_Task item_. Make an exact copy of all the records that follow, apart from the pictures.

──────── Provided material

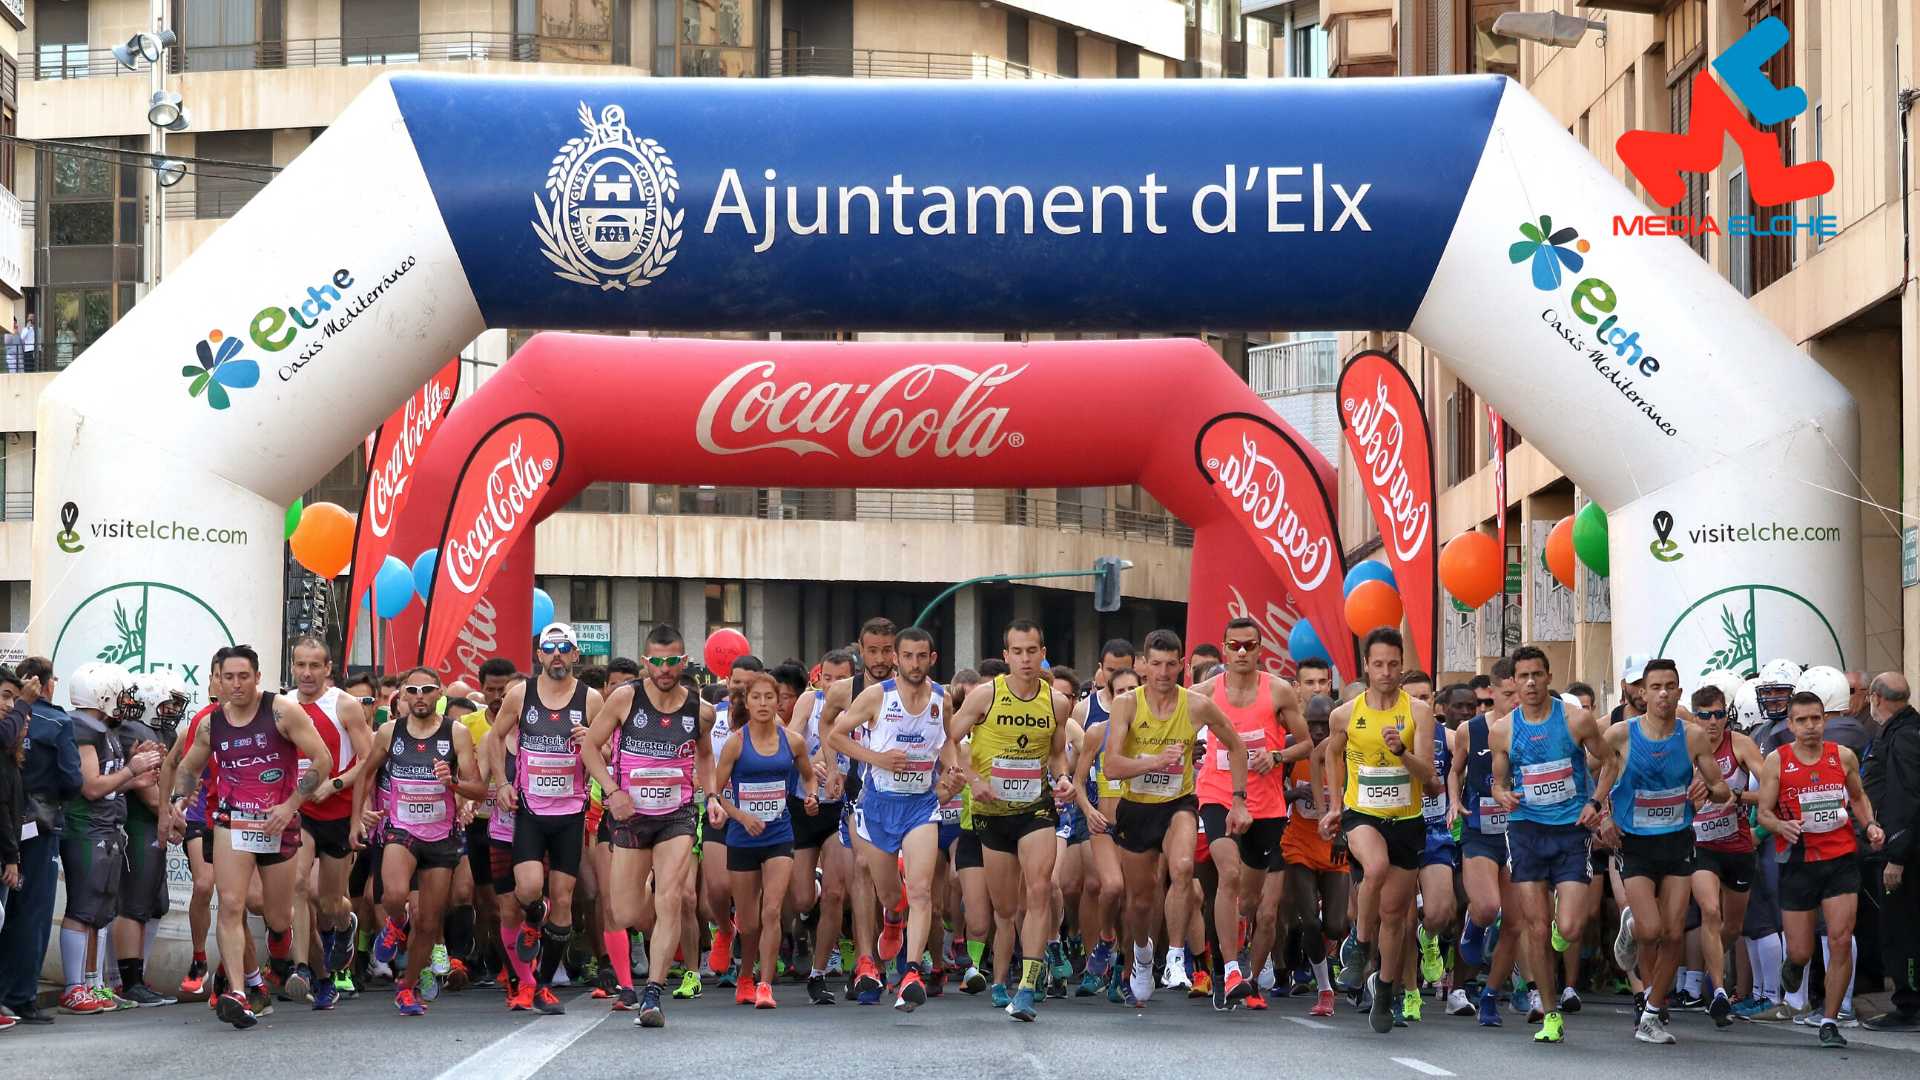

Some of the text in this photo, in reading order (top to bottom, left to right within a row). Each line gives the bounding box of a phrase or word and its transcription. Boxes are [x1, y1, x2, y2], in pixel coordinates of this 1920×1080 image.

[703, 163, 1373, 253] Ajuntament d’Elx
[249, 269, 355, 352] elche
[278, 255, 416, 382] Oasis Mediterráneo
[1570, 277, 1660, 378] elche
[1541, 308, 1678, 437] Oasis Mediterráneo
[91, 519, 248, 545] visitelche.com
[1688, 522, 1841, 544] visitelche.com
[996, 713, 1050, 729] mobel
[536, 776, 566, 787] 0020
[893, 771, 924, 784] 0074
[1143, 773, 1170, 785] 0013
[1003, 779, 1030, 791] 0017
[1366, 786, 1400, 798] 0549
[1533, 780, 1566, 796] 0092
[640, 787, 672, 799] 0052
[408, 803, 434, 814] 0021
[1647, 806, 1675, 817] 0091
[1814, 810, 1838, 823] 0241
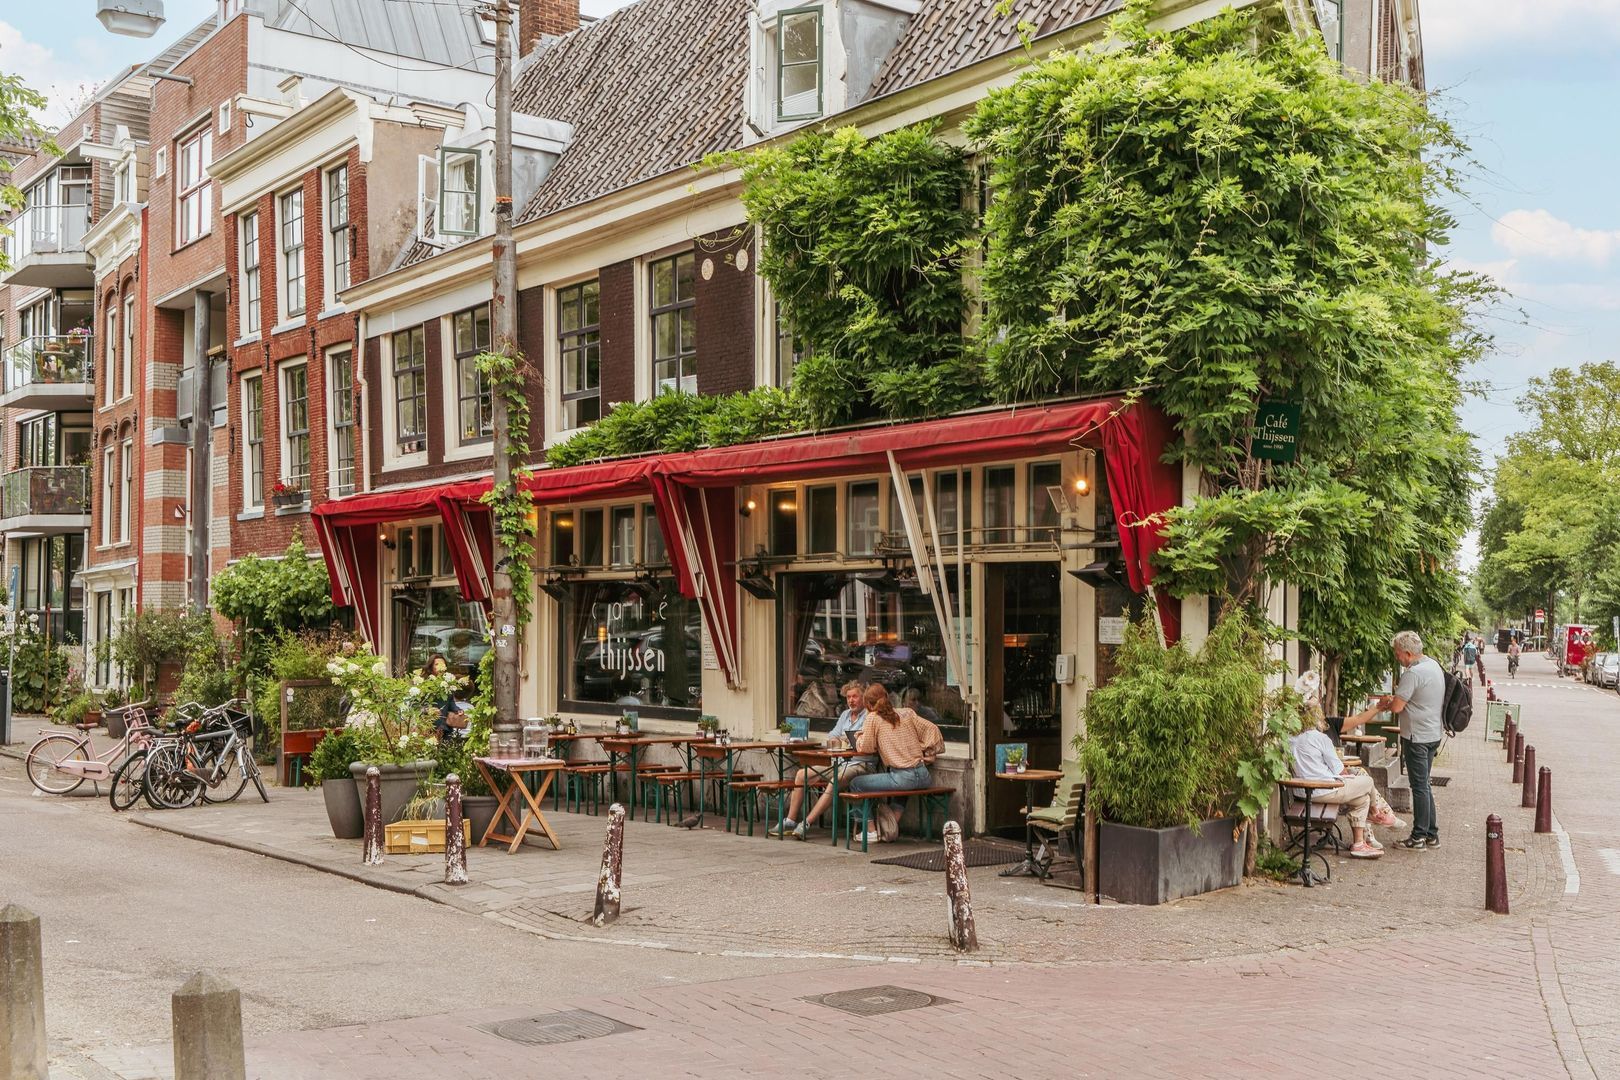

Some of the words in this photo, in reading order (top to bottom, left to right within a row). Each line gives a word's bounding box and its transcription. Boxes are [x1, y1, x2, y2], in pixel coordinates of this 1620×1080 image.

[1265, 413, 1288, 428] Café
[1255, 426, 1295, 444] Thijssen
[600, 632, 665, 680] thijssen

────────────────

_Response to this exercise_.
Some of the text in this photo, in reading order (top to bottom, left to right within a row). Each line gives the bounding box of a phrase or word and its transcription. Boxes are [x1, y1, x2, y2], in pixel coordinates of this 1920×1080 image.

[703, 163, 1373, 253] Ajuntament d’Elx
[249, 269, 355, 352] elche
[278, 255, 416, 382] Oasis Mediterráneo
[1570, 277, 1660, 378] elche
[1541, 308, 1678, 437] Oasis Mediterráneo
[91, 519, 248, 545] visitelche.com
[1688, 522, 1841, 544] visitelche.com
[996, 713, 1050, 729] mobel
[536, 776, 566, 787] 0020
[893, 771, 924, 784] 0074
[1143, 773, 1170, 785] 0013
[1003, 779, 1030, 791] 0017
[1366, 786, 1400, 798] 0549
[1533, 780, 1566, 796] 0092
[640, 787, 672, 799] 0052
[408, 803, 434, 814] 0021
[1647, 806, 1675, 817] 0091
[1814, 810, 1838, 823] 0241

Some of the words in this photo, in reading order (top to bottom, left to right within a row). Each line gives a word's bounding box and its transcription. Boxes are [x1, y1, x2, y2], in pixel coordinates of this 1620×1080 image.

[1265, 413, 1288, 428] Café
[1255, 426, 1295, 444] Thijssen
[600, 632, 665, 680] thijssen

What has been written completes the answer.